Il reste néanmoins fondamental que les établissements de soins et les LABM apportent une vigilance toute particulière à l’enregistrement des patients, à l’image du travail initié au CHU par le groupe identitovigilance qui a permis :

  • la revue de toutes les procédures du bureau des entrées, dont les agents doivent exiger dans tous les cas où c’est possible, un document officiel d’identité, les données de la carte vitale étant stockées à part ;
  • la sensibilisation de tous les personnels à ce problème, à partir d’exemples concrets en grande partie obtenus à partir de cette étude ;
  • la mise à disposition des services de documents permettant de signaler des modifications d’identité éventuelles, avec définition d’un circuit permettant la mise à jour concomitante au bureau des entrées, au département des dossiers médicaux et à l’EFS ;
  • l’information des patients par l’intermédiaire d’affiches au bureau des entrées et dans les services.

Conclusion

A l’heure de l’informatisation des dossiers médicaux et transfusionnels, des dossiers partagés et du travail en réseau, l’identification des patients est un sujet crucial et un véritable enjeu de la gestion des risques hospitaliers. Comme dans notre travail, l’expérience des établissements de transfusion sanguine et du réseau d’hémovigilance sur ce sujet peut être utilisée comme point de départ à la mise en place de groupes de réflexion.

Références

1 Merillon MC. Le rôle des utilisateurs dans le dispositif des vigilances. Transfus Clin Biol 2005 ; 12 : 191-9.

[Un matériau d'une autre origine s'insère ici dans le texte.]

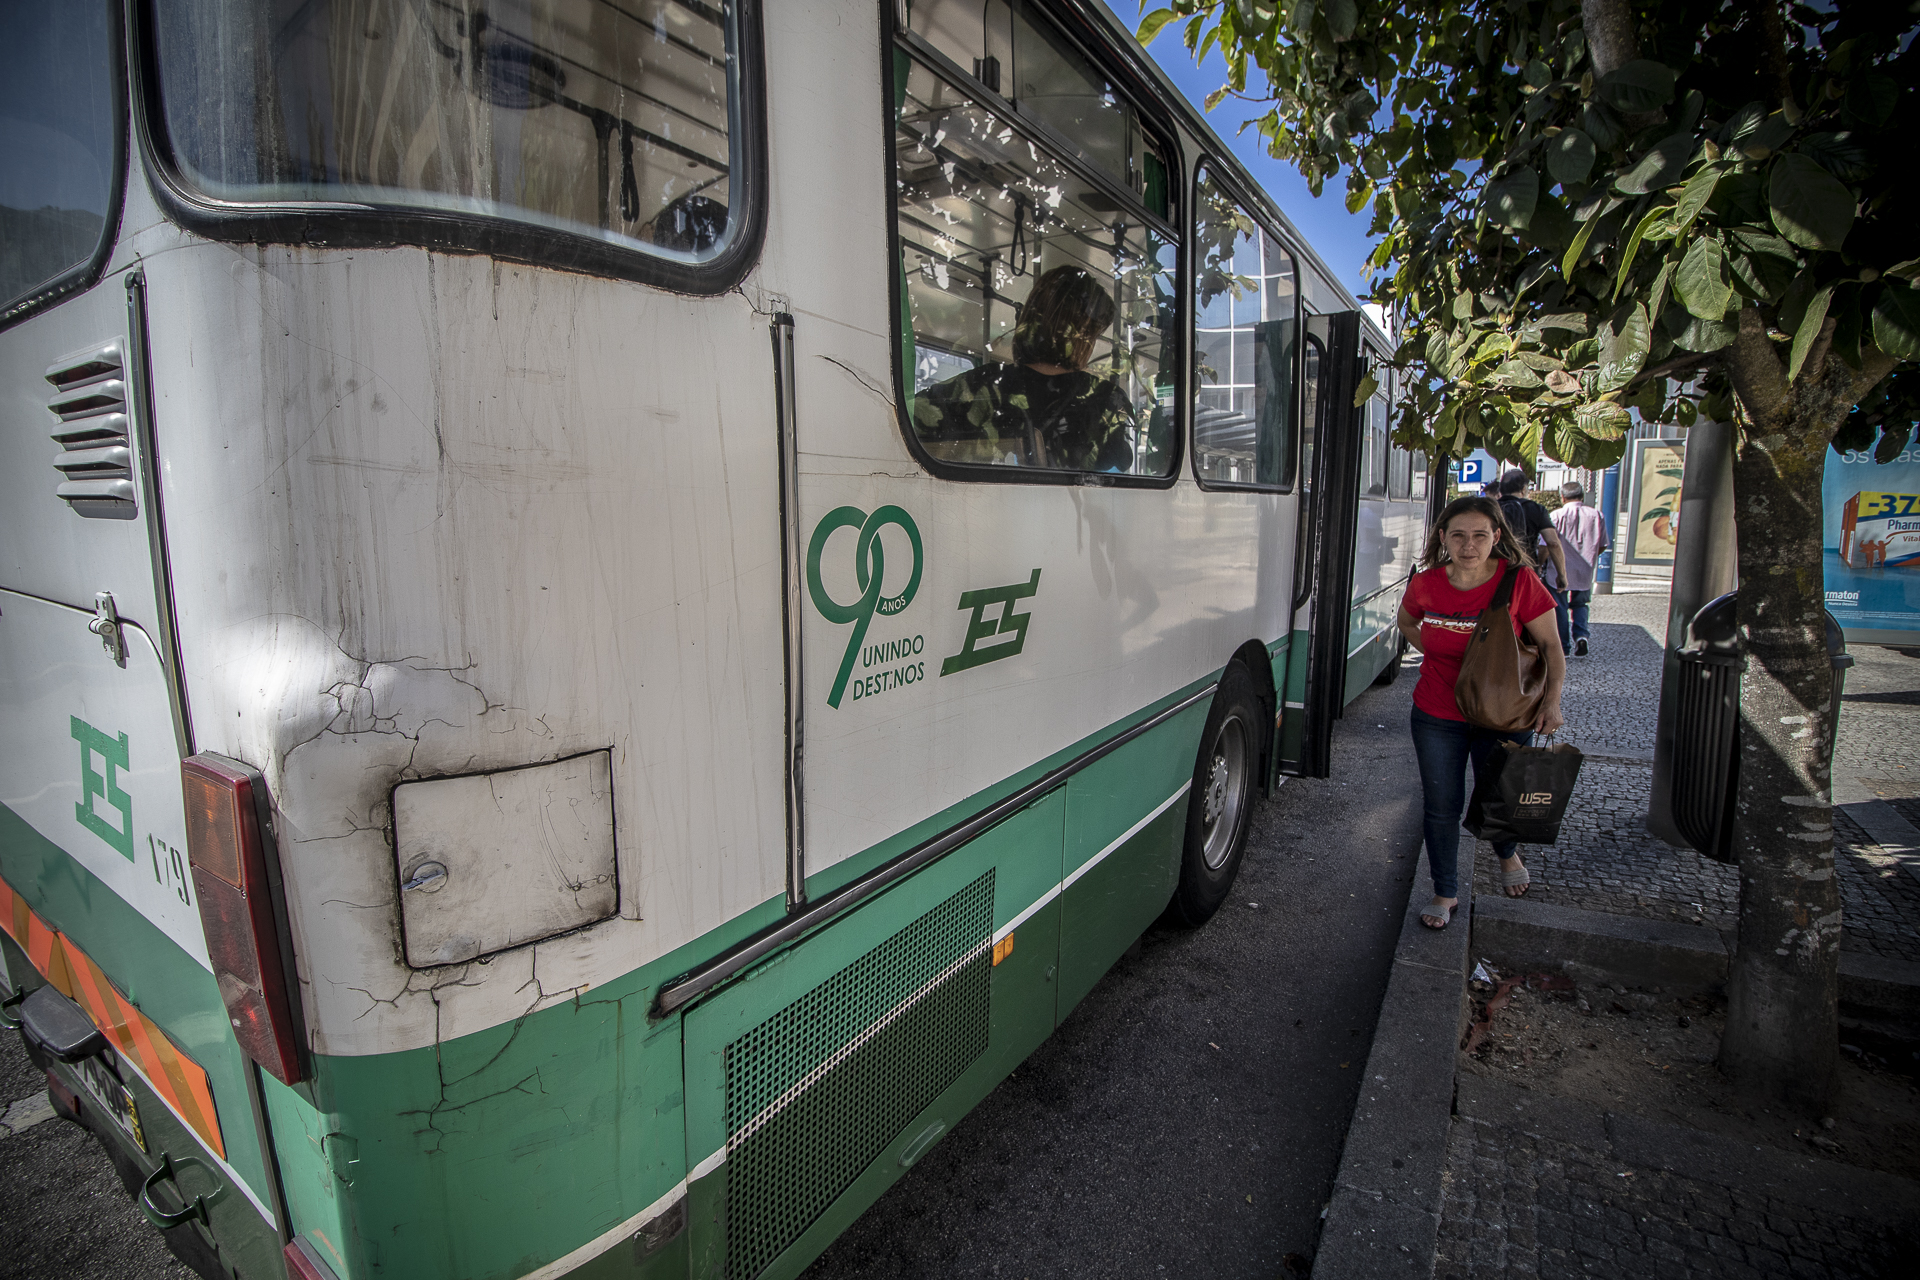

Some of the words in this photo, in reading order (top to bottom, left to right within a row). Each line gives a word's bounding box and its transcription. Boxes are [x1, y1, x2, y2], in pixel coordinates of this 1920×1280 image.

2 Trapadoux F, Bourai D. Gestion et évolution de l’accréditation des laboratoires de l’établissement français du sang. Transfus Clin Biol 2005 ; 12 : 103-6.

3 Arrêté du 26 novembre 1999 relatif à la bonne exécution des analyses de biologie médicale (GBEA). Journal officiel du 11 décembre 1999. Arrêté du 26 avril 2002. Journal officiel du 4 mai 2002.

4 Circulaire DGS/DHOS/Afssaps N° 03/582 du 15 décembre 2003 relative à la réalisation de l’acte transfusionnel.

5 Bonini P, Plebani M, Ceriotti F, Rubboli F. Errors in laboratory medicine. Clin Chem 2002 ; 48 : 691-8.

6 Larrose C, Le Carrer D. Traitement des non-conformités en pratique quotidienne. Ann Biol Clin 2007 ; 65 : 99-105.

7 Ovaguimian O. La gestion des non-conformités des examens : obligation légale ou outil de coopération ? Rev Fr Lab 2004 ; 367 : 80-1.

8 Plebani M, Carraro P. Mistakes in a stat laboratory : types and frequency. Clin Chem 1997 ; 43 : 1348-51.

9 Wiwanikit V. Types and frequency of preanalytical mistakes in the first Thai ISO 9002/1994 Certified Clinical laboratory, a 6-month monitoring. BMC Clin Pathol 2001 ; 1 : 5.

10 Chiaroni J, Legrand D, Dettori I, Ferrera V. Analysis of ABO discrepancies occuring in 35 French hospitals. Transfusion 2004 ; 44 : 860-4.

11 Décret n° 2007-199 du 14 février 2007 relatif à la carte d’assurance-maladie et modifiant le code de la Sécurité sociale.